Americans are fat, or at least most Americans. In fact, statistics reveal that more Americans are obese than are merely overweight.
While I didn’t qualify for the former category, I certainly was on my way there, until reversing course back in June. My own experience the past 18 weeks has taught me some really important lessons that were validated this morning, when I found a link to this great story in the Financial Times, about Jerry Morris.
Who is Jerry Morris, you ask? Well Jerry Morris is a British researcher who came upon data that indicated an unprecedented number of people dying of heart attacks in Britain. Morris was the one that set up a vast study to look at heart-attack rates in people fromm a variety of occupations, primarily civil servants—schoolteachers, postmen, transport workers, and others.
As he began carefully sorting through this data, just after WWII (there were no computers to do this work back then), Morris had an inkling that heart attack rates were related to occupation. He was particularly interested in the busmen that were part of his data set. Partly this was do to the sample size being large, but also, he noted that the data was particularly telling in that the drivers and conductors were from the same social class, yet, conductors rates of heart attack was half that of the drivers. The only explanation that Morris could come up with was that the drivers were sedentary and the conductors on the double-decker busses had to climb up and down stairs, taking tickets all day.
Today, it’s a given that exercise can help lower the risk of heart disease. In 1949, however, Morris was the first one to make that connection.
The article goes on to mention that Morris began his connection to exercise in early childhood.
“My father used to take me on a four-mile walk from Glasgow once a week, when I was a schoolboy. We used to aim to do the four miles in an hour. If we did that OK, I got an ice-cream. If we did it in even a minute less, I got a choc-ice.”
Morris himself is now 101, and still regularly shows up for work at the London School of Hygiene and Tropical Medicine, where his office is.
The most interesting part of Morris’ study for me was the correlation between heart health and vigorous exercise.
When Morris compiled his research, an inordinate amount of these civil servants were gardeners—91 percent actually—it’s what “kept them sane,” Morris reported. He originally believed this would keep them from heart disease, but he found out that only vigorous exercise—running, biking, playing football, swimming, etc. had the capacity to do that.
In my own case, it wasn’t until I ramped up my activity, as well as becoming more conscious of how many calories I was taking in that I began to see any significant and consistent weight loss. Merely cutting calories wasn’t going to do it. Continuing to overeat also wasn’t helping. It required a combination, but physical activity was certainly a key factor in my success. It will continue to be, if I am to remain successful in keeping the weight (47 pounds as of this morning, btw) off.
I’ve mentioned Tyler before, he of 344pounds.com. He’s now down 123.6 pounds in 40 weeks. How’s he doing it? Yep; reducing calories, and of course, ramping up his physical activity.
Here’s a running routine he’s adopted.
Now that the days are growing shorter, I can’t bike after work. I’ve rediscovered my treadmill in the basement, and most mornings, I’m on it 35-40 minutes before work, and sometimes another 20-30 minutes in the evening.
This week’s been a challenge—for the past two mornings, I’ve had to leave the house before 7:00, headed to early morning appointments for work. Last night, I came home after a very long day and hit the treadmill for 35 minutes. I have been alternating somewhat like Tyler, between walking/running. I’ll usually walk for the first five minutes, starting first at 3.9 and then increasing to 4.1, or 4.1. Then at 5:00, I crank it up to 6.8 and run for two minutes, or sometimes, 2:15, then walk for another two, or three minutes, run two, et cetera. I also try to get a 3-4 minute burst in about midway through, and do some light weighted exercises for my upper body.
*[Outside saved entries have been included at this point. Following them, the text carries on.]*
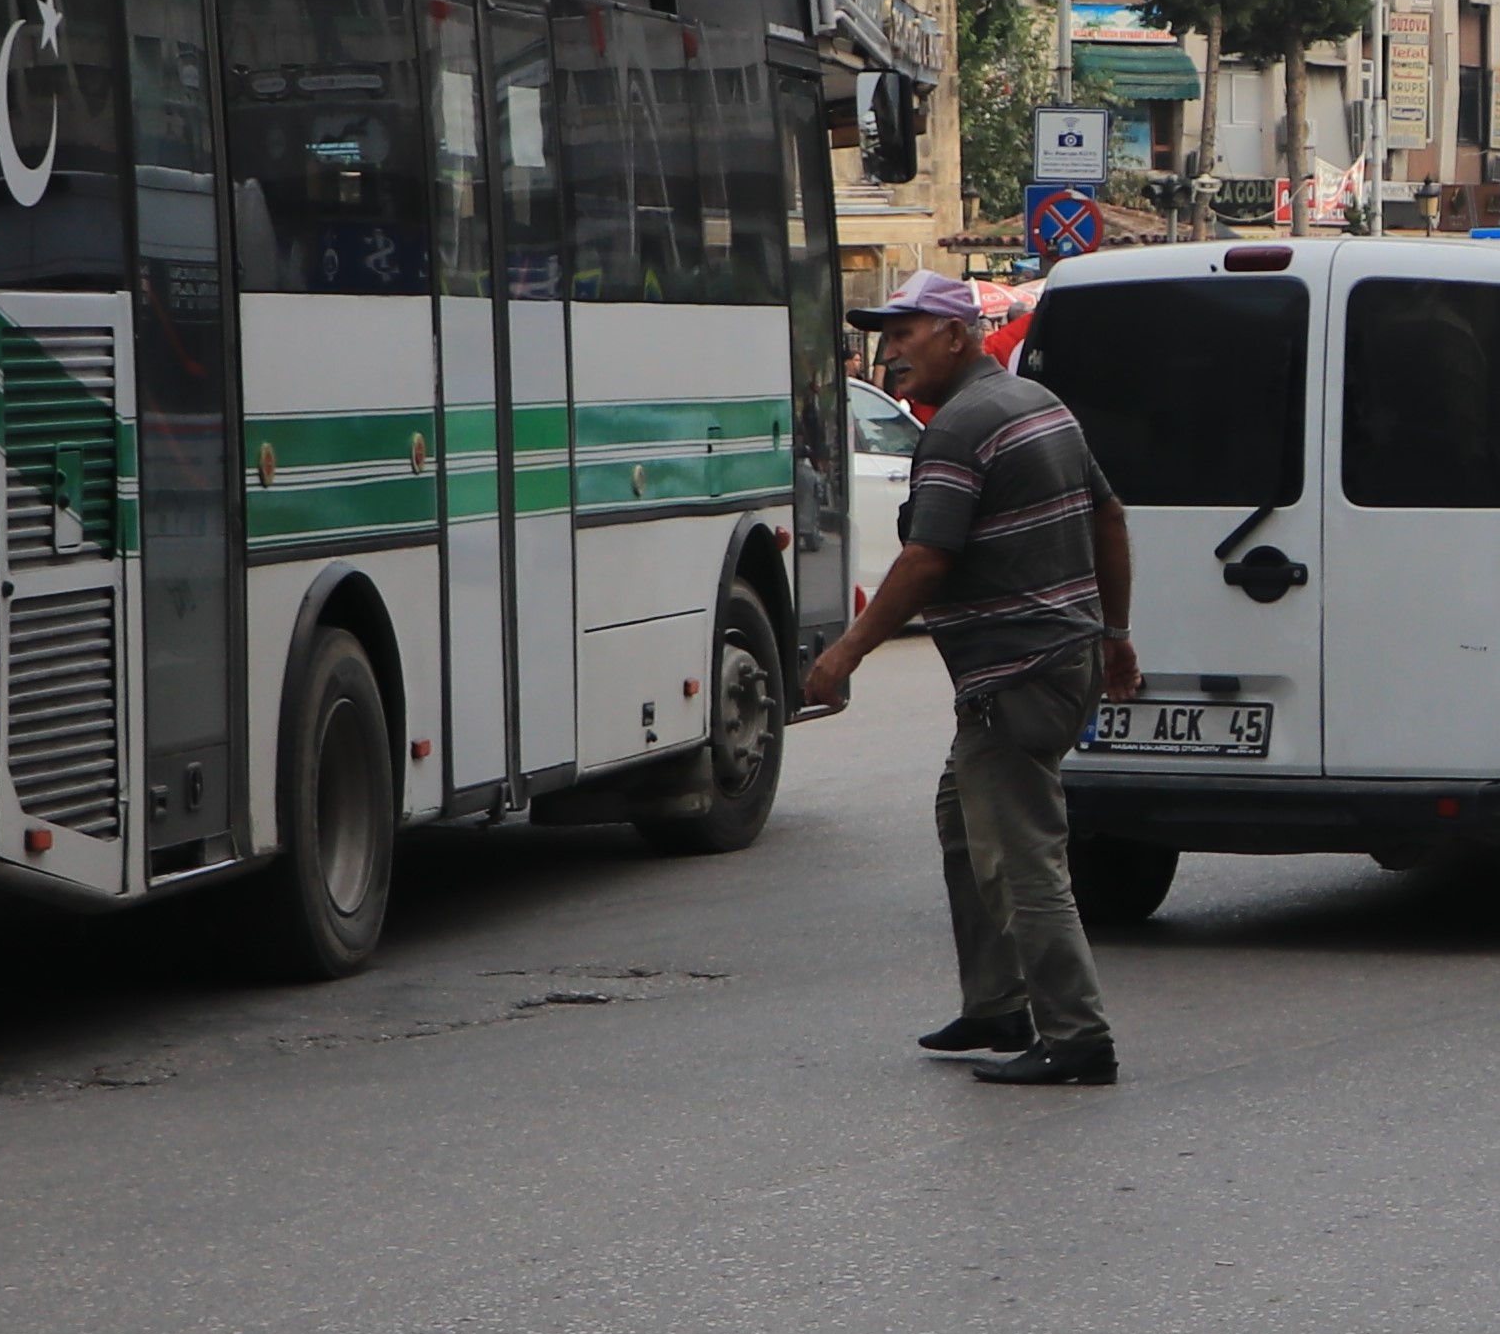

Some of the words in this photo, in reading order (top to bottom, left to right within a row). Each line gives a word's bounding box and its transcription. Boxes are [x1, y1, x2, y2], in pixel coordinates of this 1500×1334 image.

[1392, 47, 1427, 59] Tefal
[1391, 82, 1426, 93] KRUPS
[1235, 180, 1275, 204] GOLD
[1098, 706, 1132, 739] 33
[1153, 707, 1205, 741] ACK
[1229, 709, 1264, 743] 45
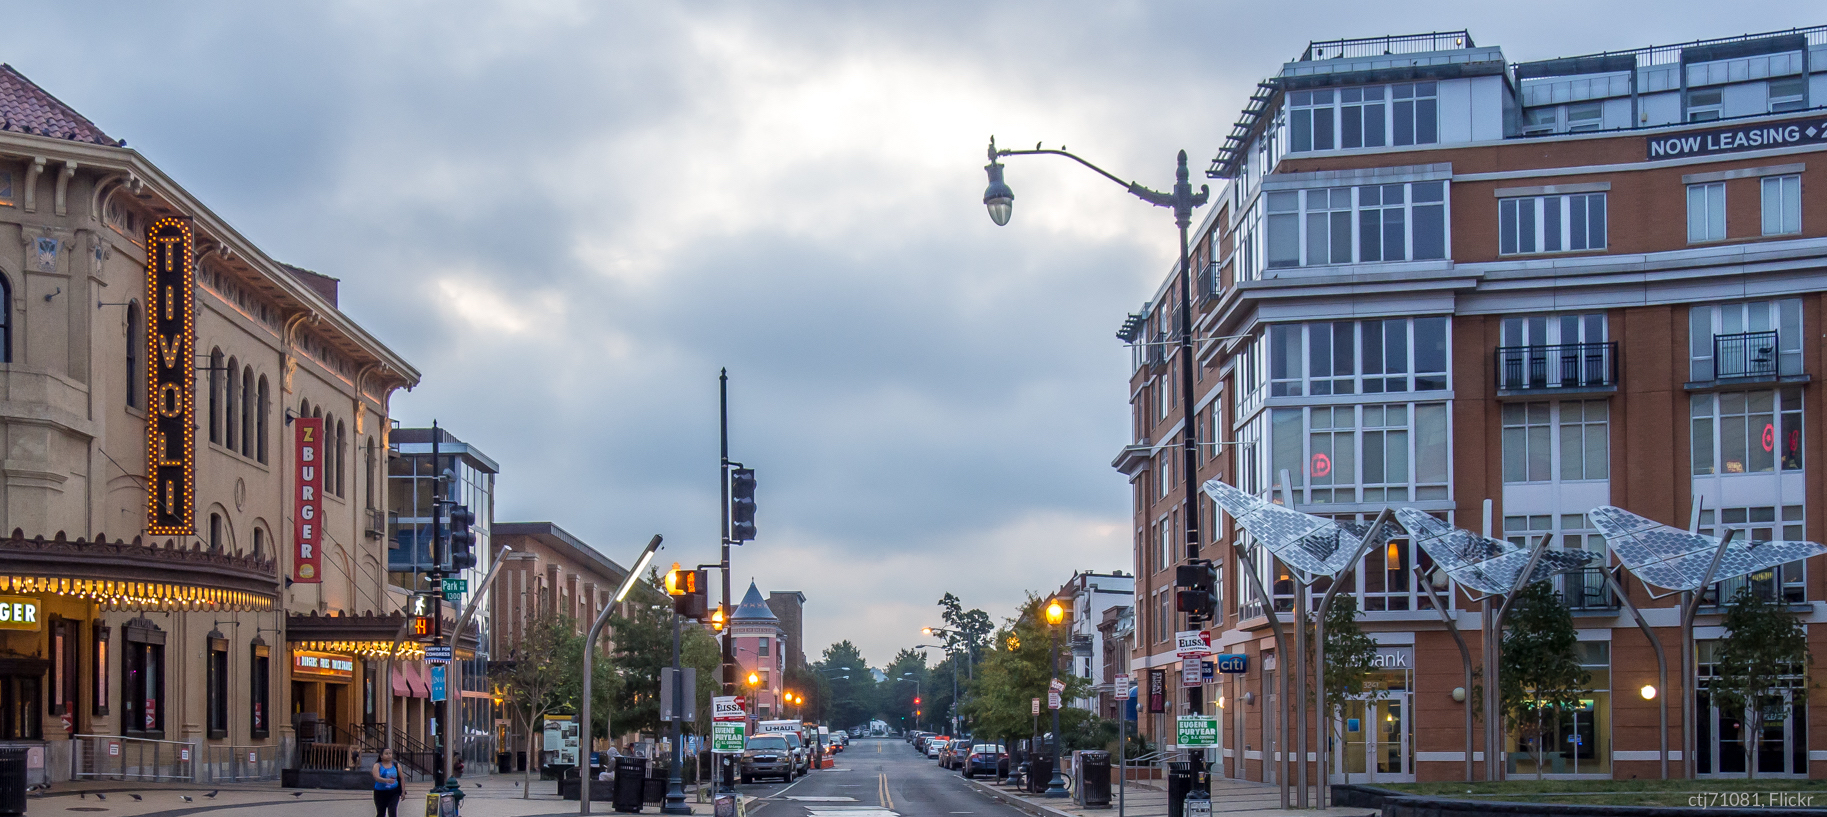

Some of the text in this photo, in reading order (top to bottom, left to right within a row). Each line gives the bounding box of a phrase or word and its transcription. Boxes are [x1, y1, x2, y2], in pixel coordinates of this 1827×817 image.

After that routine, I came up and hit the Lifecycle for 30 minutes watching the Celtics pregame. Burned about 800 calories, which helped offset the 2,300 calories I consumed for the day.
As Morris’ study shows, obesity, and all the attendant health issues connected to our sedentary lifestyle and lack of activity will continue to plague us in the U.S., as well as developing nations that refuse to learn from our mistakes here in the west.